### Records shown
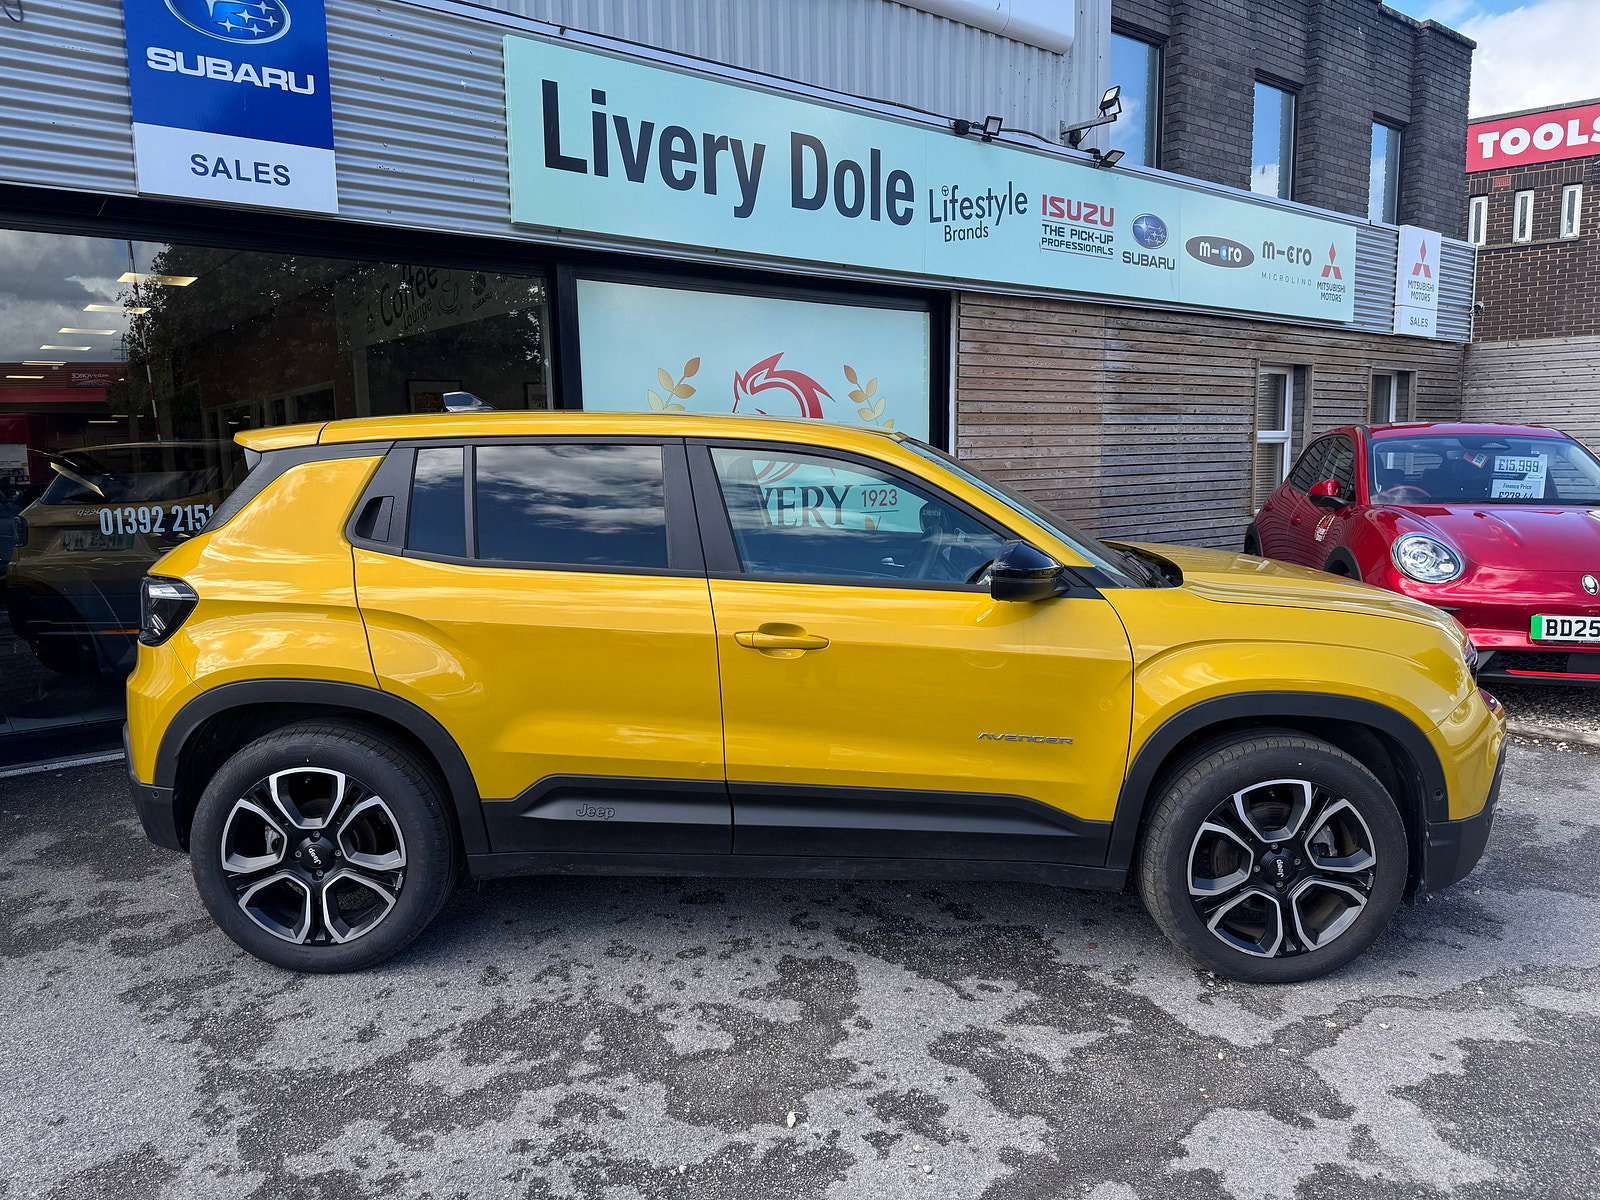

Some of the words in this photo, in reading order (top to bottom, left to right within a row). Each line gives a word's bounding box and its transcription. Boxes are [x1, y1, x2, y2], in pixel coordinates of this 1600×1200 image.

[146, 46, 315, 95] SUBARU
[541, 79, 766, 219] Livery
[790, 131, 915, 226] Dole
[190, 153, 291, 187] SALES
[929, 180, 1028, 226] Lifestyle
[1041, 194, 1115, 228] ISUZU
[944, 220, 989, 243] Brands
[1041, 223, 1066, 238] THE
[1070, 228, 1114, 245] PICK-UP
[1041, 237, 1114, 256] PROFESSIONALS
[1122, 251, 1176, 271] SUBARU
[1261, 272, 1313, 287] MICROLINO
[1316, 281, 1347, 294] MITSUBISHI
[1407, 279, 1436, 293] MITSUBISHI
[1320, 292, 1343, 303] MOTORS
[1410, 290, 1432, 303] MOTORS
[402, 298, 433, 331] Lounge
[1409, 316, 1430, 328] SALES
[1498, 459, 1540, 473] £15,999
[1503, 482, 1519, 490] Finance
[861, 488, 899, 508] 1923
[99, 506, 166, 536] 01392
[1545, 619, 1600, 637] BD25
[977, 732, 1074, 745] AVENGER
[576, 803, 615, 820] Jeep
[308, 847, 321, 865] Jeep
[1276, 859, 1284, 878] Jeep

### Work to be completed
Print out the records in full and exactly, dropping every picture.

### Response box
Some of the words in this photo, in reading order (top to bottom, left to right within a row). Each line gives a word's bounding box and its transcription. Boxes are [x1, y1, x2, y2], in pixel coordinates of this 1600×1200 image.

[146, 46, 315, 95] SUBARU
[541, 79, 766, 219] Livery
[790, 131, 915, 226] Dole
[190, 153, 291, 187] SALES
[929, 180, 1028, 226] Lifestyle
[1041, 194, 1115, 228] ISUZU
[944, 220, 989, 243] Brands
[1041, 223, 1066, 238] THE
[1070, 228, 1114, 245] PICK-UP
[1041, 237, 1114, 256] PROFESSIONALS
[1122, 251, 1176, 271] SUBARU
[1261, 272, 1313, 287] MICROLINO
[1316, 281, 1347, 294] MITSUBISHI
[1407, 279, 1436, 293] MITSUBISHI
[1320, 292, 1343, 303] MOTORS
[1410, 290, 1432, 303] MOTORS
[402, 298, 433, 331] Lounge
[1409, 316, 1430, 328] SALES
[1498, 459, 1540, 473] £15,999
[1503, 482, 1519, 490] Finance
[861, 488, 899, 508] 1923
[99, 506, 166, 536] 01392
[1545, 619, 1600, 637] BD25
[977, 732, 1074, 745] AVENGER
[576, 803, 615, 820] Jeep
[308, 847, 321, 865] Jeep
[1276, 859, 1284, 878] Jeep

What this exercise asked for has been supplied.